> Prompt
A word-for-word copy of the entries, with the images left out, is what you should write.

-- Opening Marker --

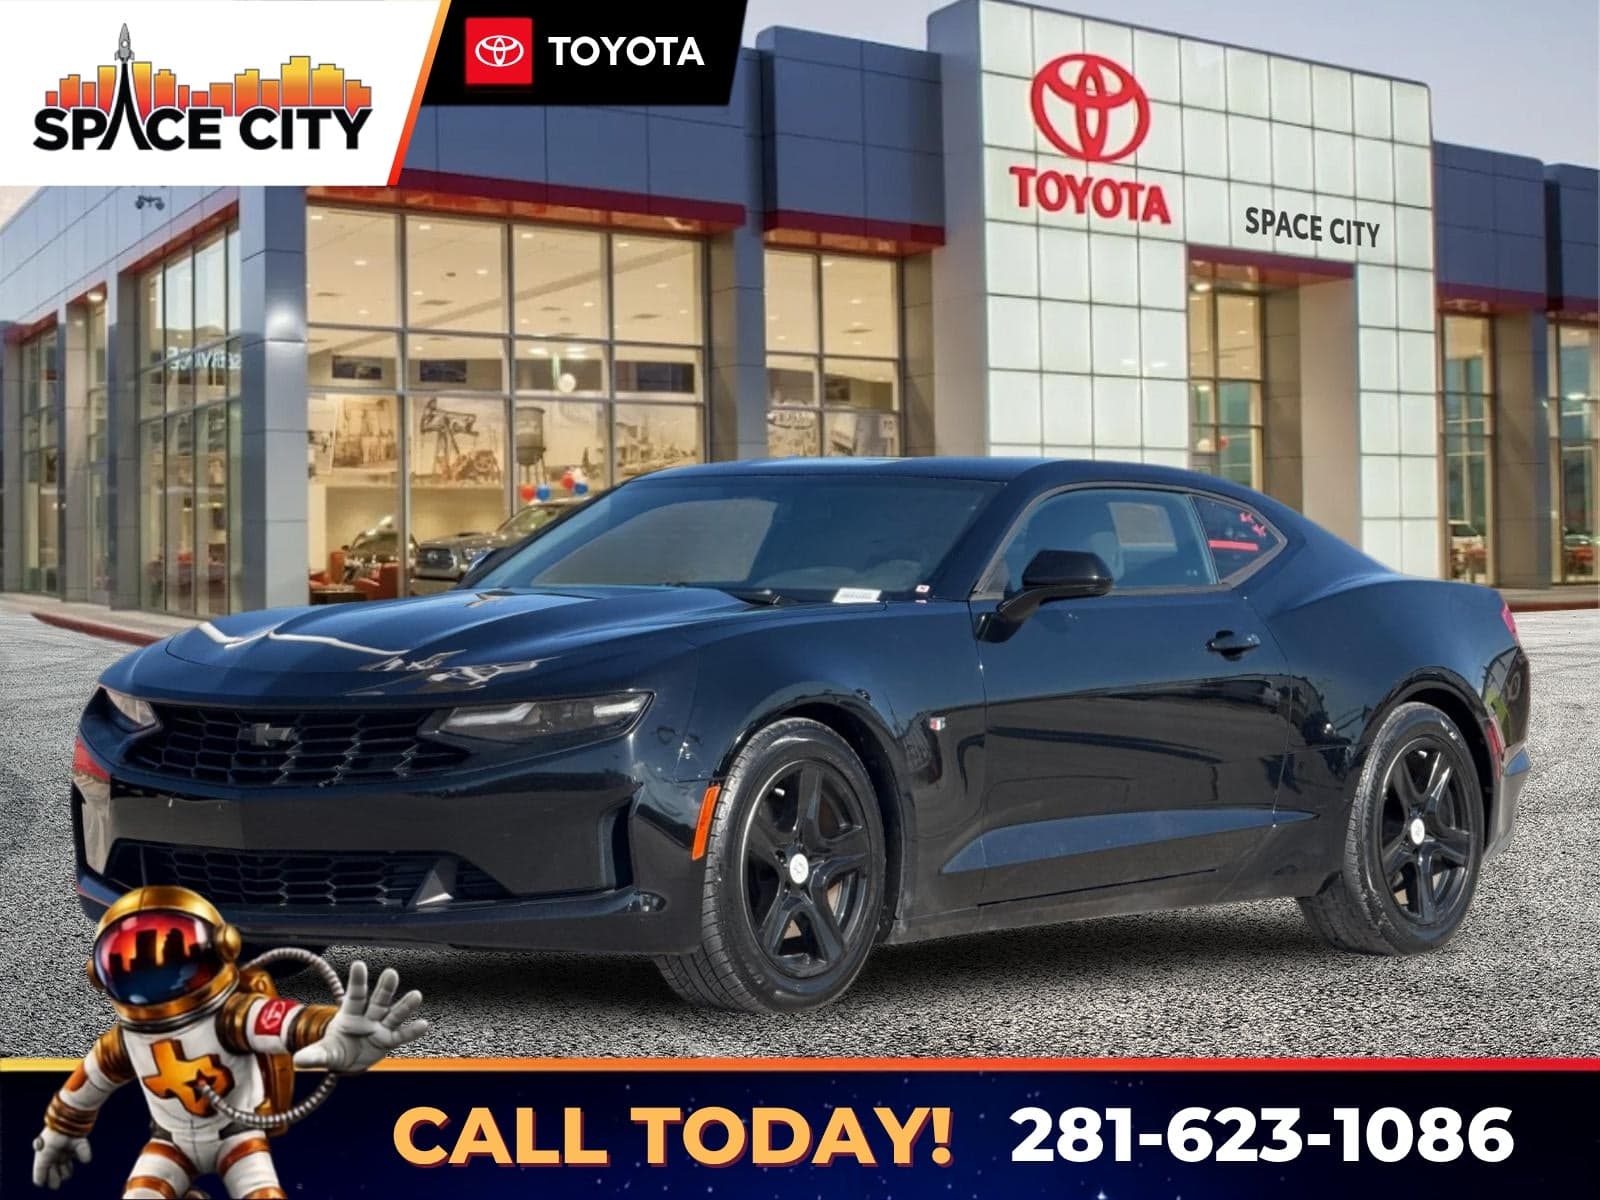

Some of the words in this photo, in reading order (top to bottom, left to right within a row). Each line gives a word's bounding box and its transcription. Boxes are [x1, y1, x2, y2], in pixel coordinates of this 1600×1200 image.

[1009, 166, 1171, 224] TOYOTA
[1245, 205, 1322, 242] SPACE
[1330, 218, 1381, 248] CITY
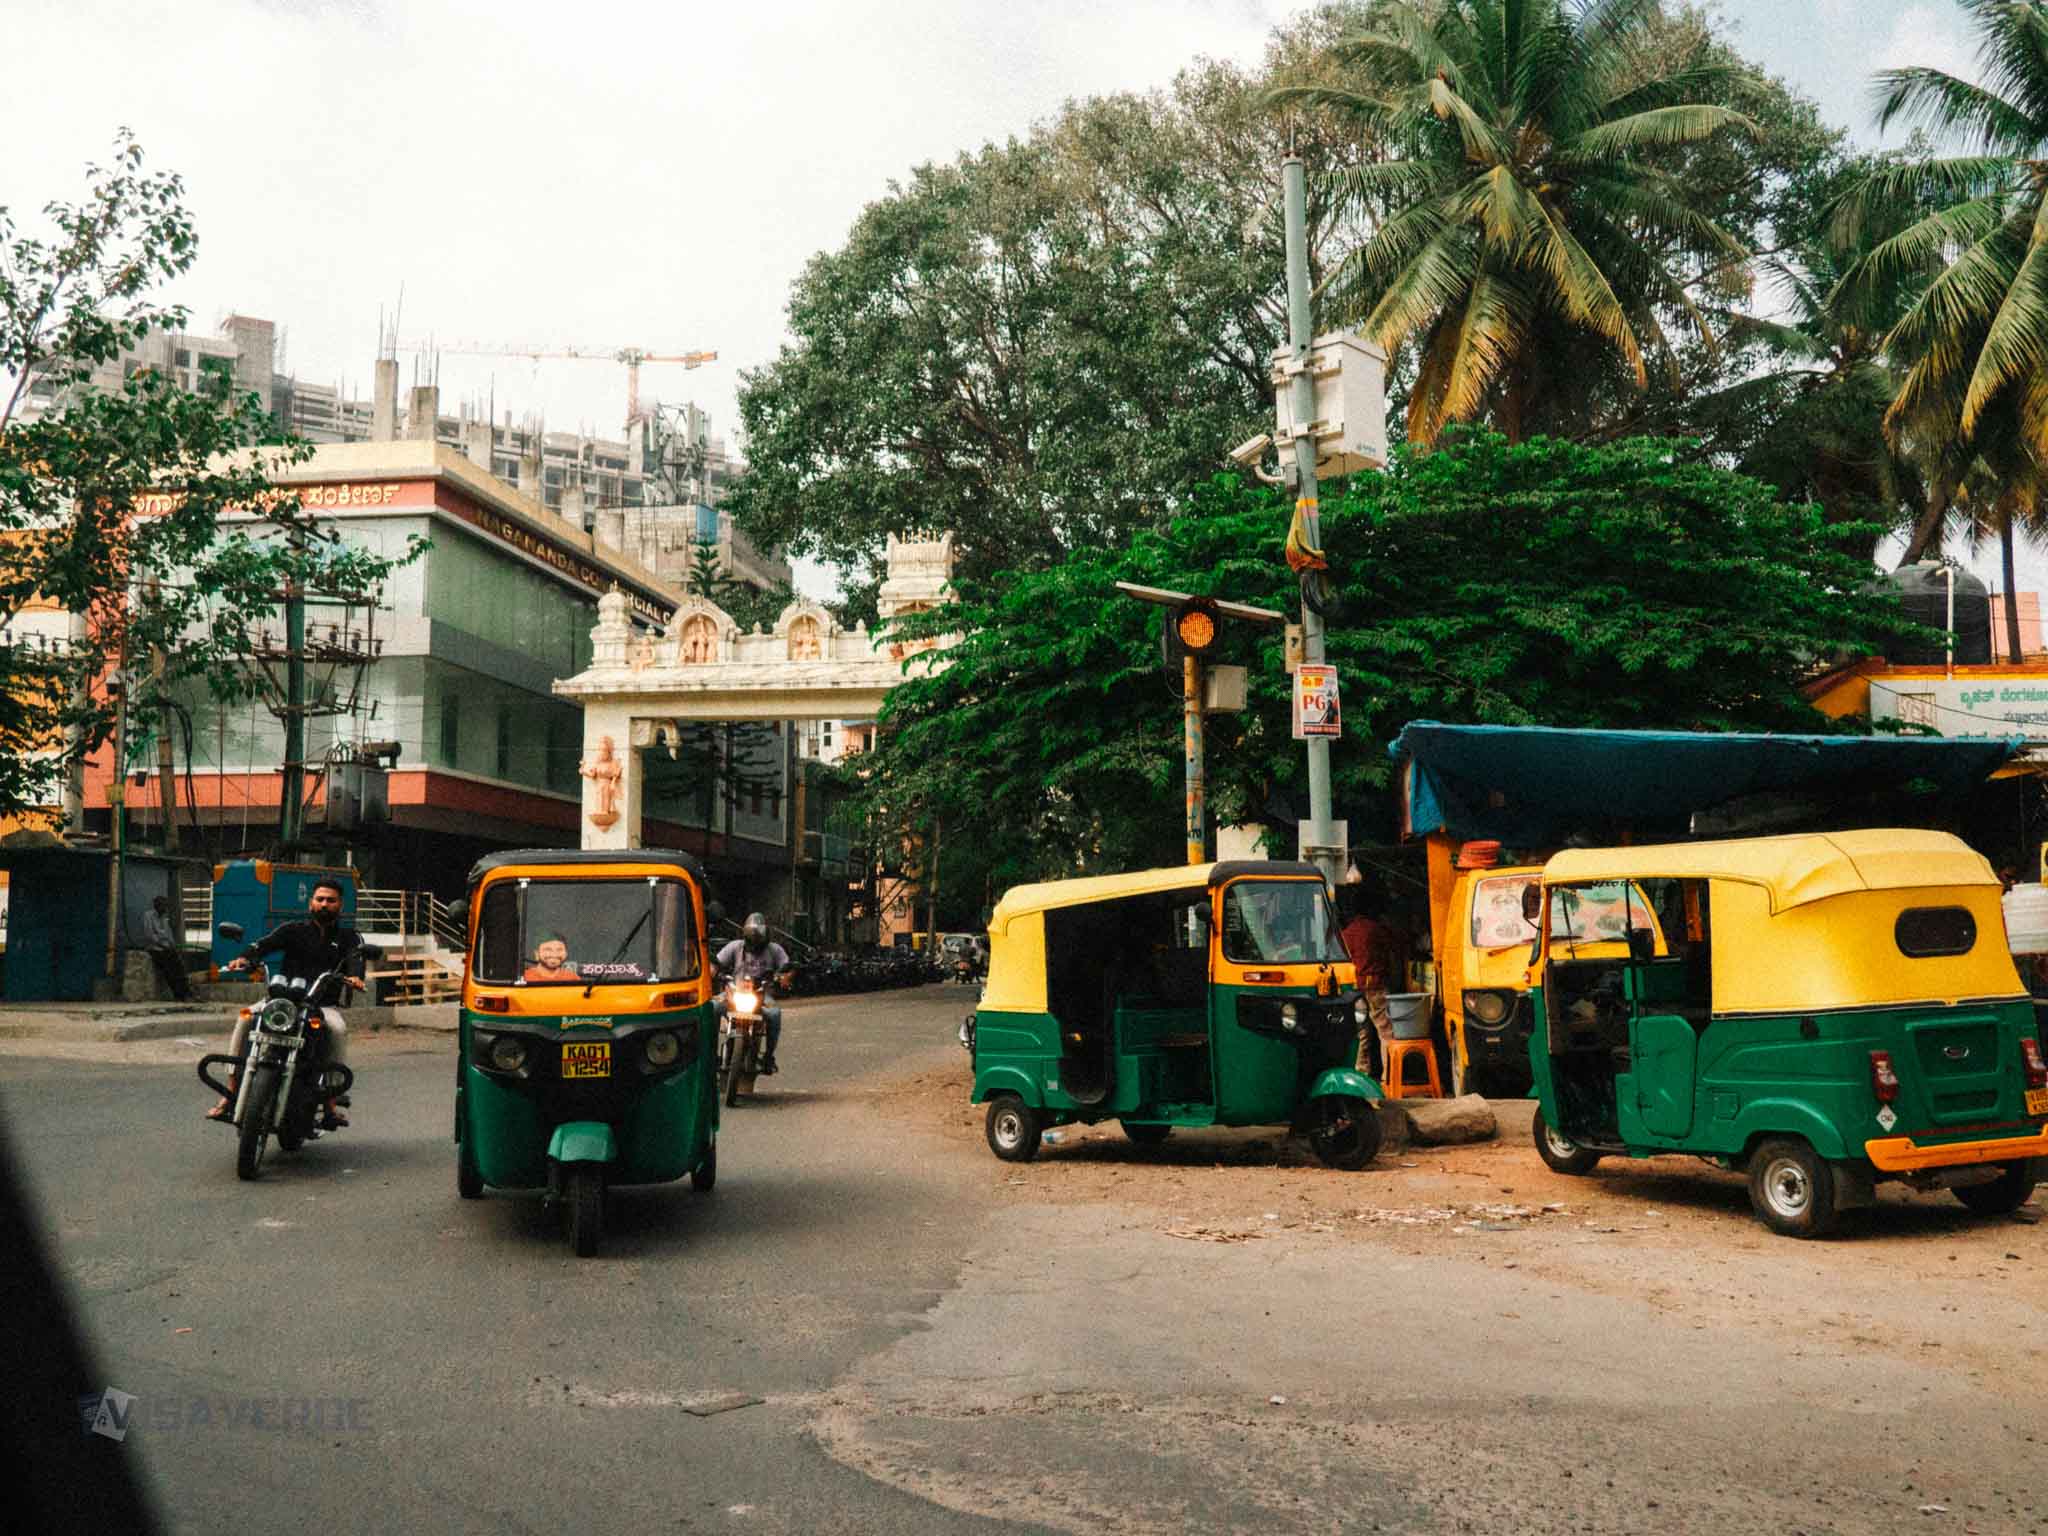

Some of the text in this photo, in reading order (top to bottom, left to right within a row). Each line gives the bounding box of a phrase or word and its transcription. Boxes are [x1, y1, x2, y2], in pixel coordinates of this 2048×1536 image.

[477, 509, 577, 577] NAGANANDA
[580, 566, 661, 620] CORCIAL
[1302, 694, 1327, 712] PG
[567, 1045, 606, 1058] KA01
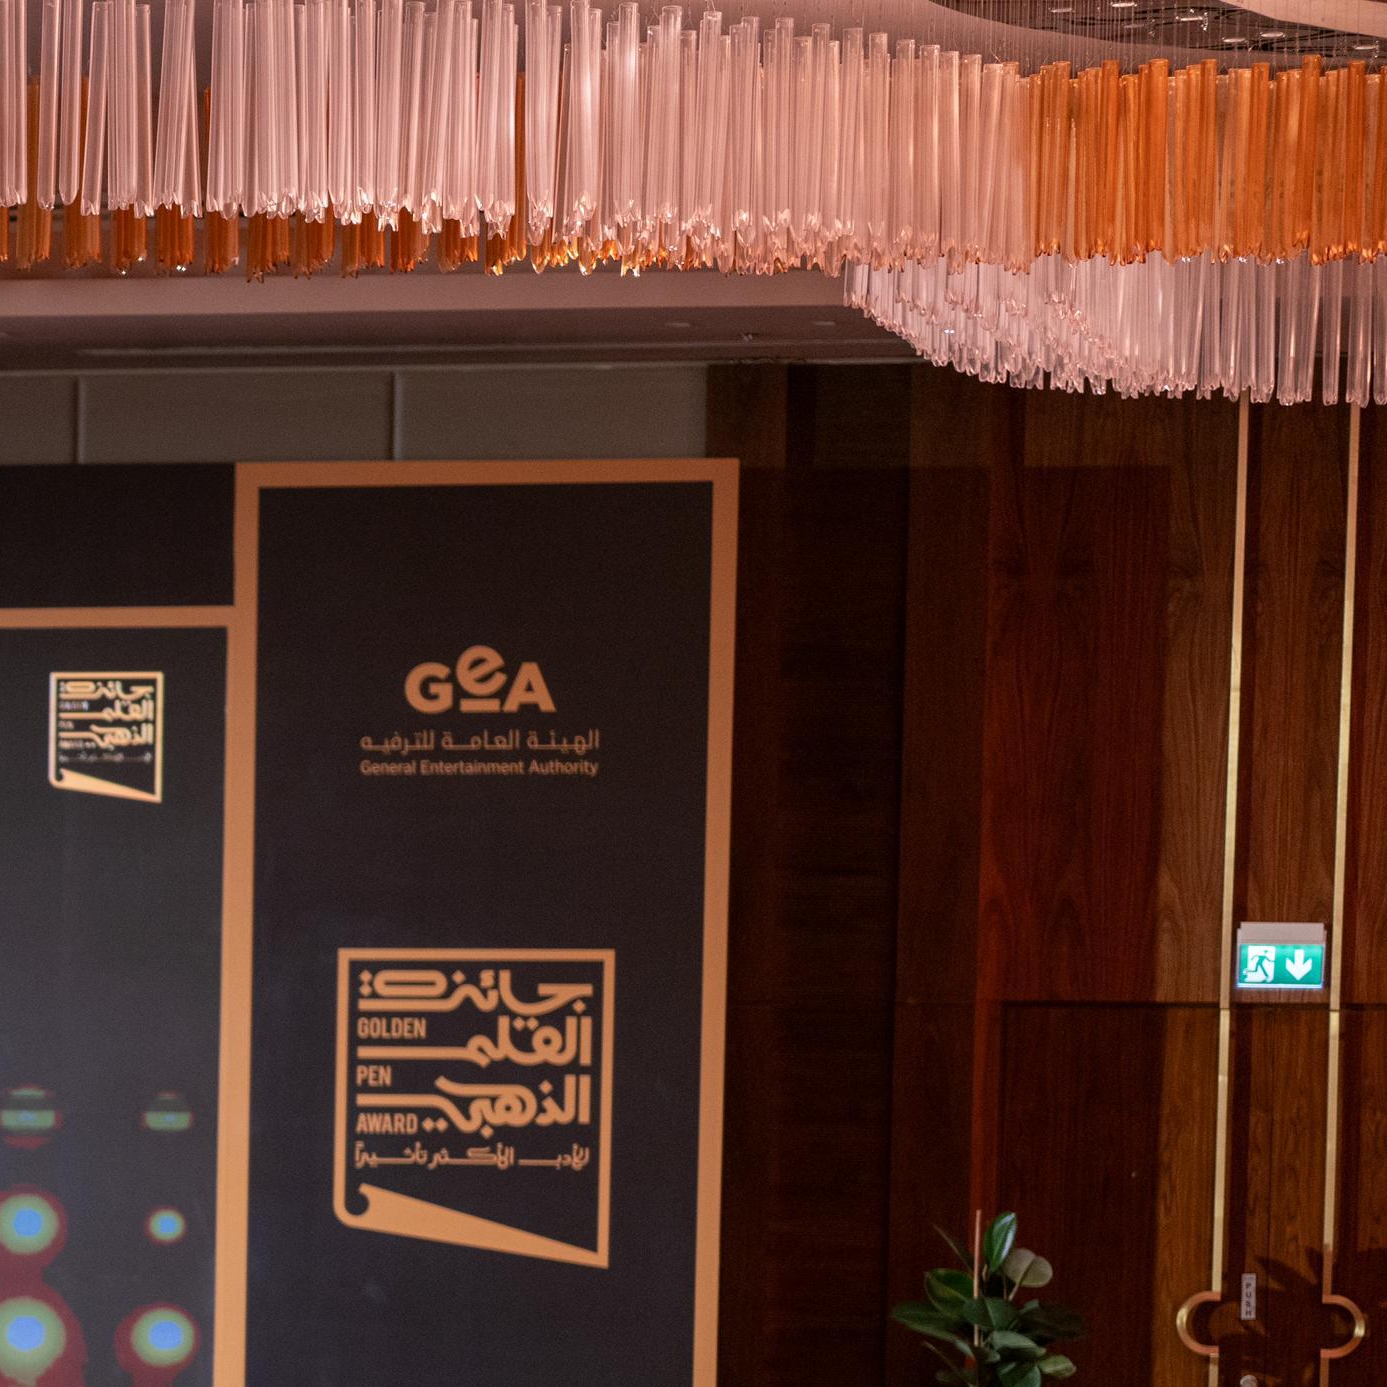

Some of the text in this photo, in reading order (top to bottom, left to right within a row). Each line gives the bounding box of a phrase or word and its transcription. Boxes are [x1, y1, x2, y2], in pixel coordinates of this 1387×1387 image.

-- Closing Marker --

> Output of the exercise
Some of the words in this photo, in reading order (top to bottom, left to right within a row). Each line gives a word's bounding box and its transcription. Boxes are [x1, y1, x2, y2], in pixel coordinates of this 1600×1200 image.

[1009, 166, 1171, 224] TOYOTA
[1245, 205, 1322, 242] SPACE
[1330, 218, 1381, 248] CITY

Some of the text in this photo, in reading order (top to bottom, left to right within a row). Each line gives the bounding box of a phrase or word and its transcription. Boxes are [x1, y1, x2, y2], in pixel coordinates of this 2048×1536 image.

[477, 509, 577, 577] NAGANANDA
[580, 566, 661, 620] CORCIAL
[1302, 694, 1327, 712] PG
[567, 1045, 606, 1058] KA01

Some of the text in this photo, in reading order (top to bottom, left to right within a row). Each line gives the bounding box of a phrase or word and its transcription. Boxes are [x1, y1, x2, y2], in pixel coordinates of this 1387×1387 image.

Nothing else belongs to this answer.